Wrangler does just that, enabling the speedy file transfers needed to fly past big data bottlenecks that can slow down even the fastest computers. It was built to work in tandem with number crunchers such as TACC’s Stampede, which in 2013 was the sixth fastest computer in the world.
“Although we have a lot of search-based queries through different search engines like Google, it’s still a challenge to query the system in way that answers your questions directly,” says Karanjeet Singh.
Singh is a University of Southern California graduate student who works with Chris Mattmann on Memex and other projects.
“The objective is to get more and more domain-specific information from the internet and to associate facts from that information.”
Once the Memex user extracts the information they need, they can apply tools such as named entity recognizer, sentiment analysis, and topic summarization. This can help law enforcement agencies find links between different activities, such as illegal weapon sales and human trafficking.

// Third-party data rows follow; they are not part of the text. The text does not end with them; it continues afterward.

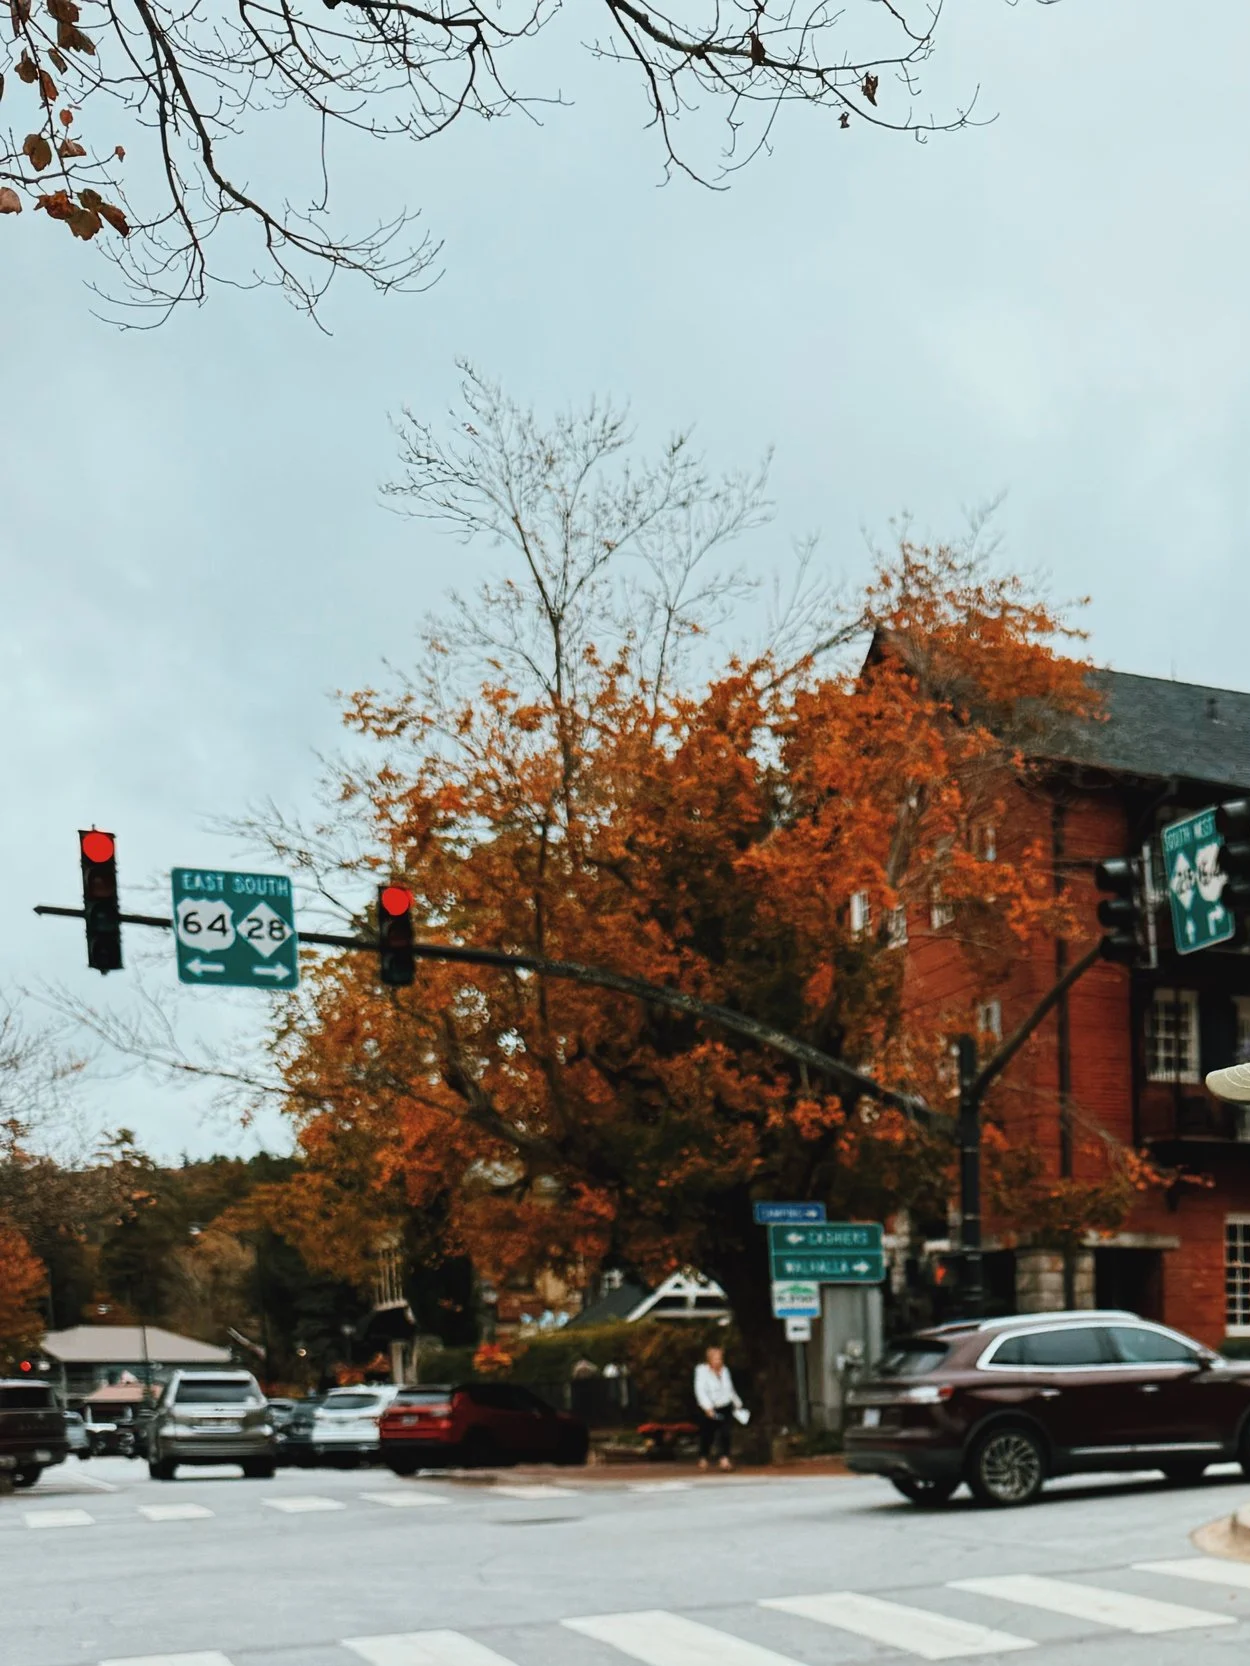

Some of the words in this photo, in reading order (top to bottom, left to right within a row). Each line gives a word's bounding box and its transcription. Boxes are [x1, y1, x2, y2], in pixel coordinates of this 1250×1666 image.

[182, 873, 225, 892] EAST
[232, 876, 290, 897] SOUTH
[182, 911, 229, 937] 64
[247, 917, 286, 941] 28
[807, 1231, 869, 1246] CASHIERS

The problem is that even the fastest computers like Stampede weren’t designed to handle the input and output of the millions of files needed for the Memex project.
“Let’s say that we have one system directly in front of us, and there is some crime going on,” Singh says. “What the JPL is trying to do is automate a lot of domain-specific query processes into a system where you can just feed in the questions and receive the answers.”
For that, he works with an open source web crawler called Apache Nutch. It retrieves and collects web page and domain information of the deep web. The MapReduce framework powers those crawls with a divide-and-conquer approach to big data that breaks it up into small pieces that run simultaneously.
The NSF asked engineers and computer scientists at TACC, Indiana University, and the University of Chicago if a computer could be built to handle massive amounts of input and output.
Wrangler avoids data overload by virtue of its 600 terabytes of speedy flash storage. What’s more, Wrangler supports the Hadoop framework, which runs using MapReduce.
Together, Wrangler and Memex constitute a powerful crime-fighting duo. NSF investment in advanced computation has placed powerful tools in the hands of public defense agencies, moving law enforcement beyond the limitations of commercial search engines.
“Wrangler is a fantastic tool that we didn’t have before as a mechanism to do research,” says Mattman. “It has been an amazing resource that has allowed us to develop techniques that are helping save people, stop crime, and stop terrorism around the world.”
See the full article here .
Science Node is an international weekly online publication that covers distributed computing and the research it enables.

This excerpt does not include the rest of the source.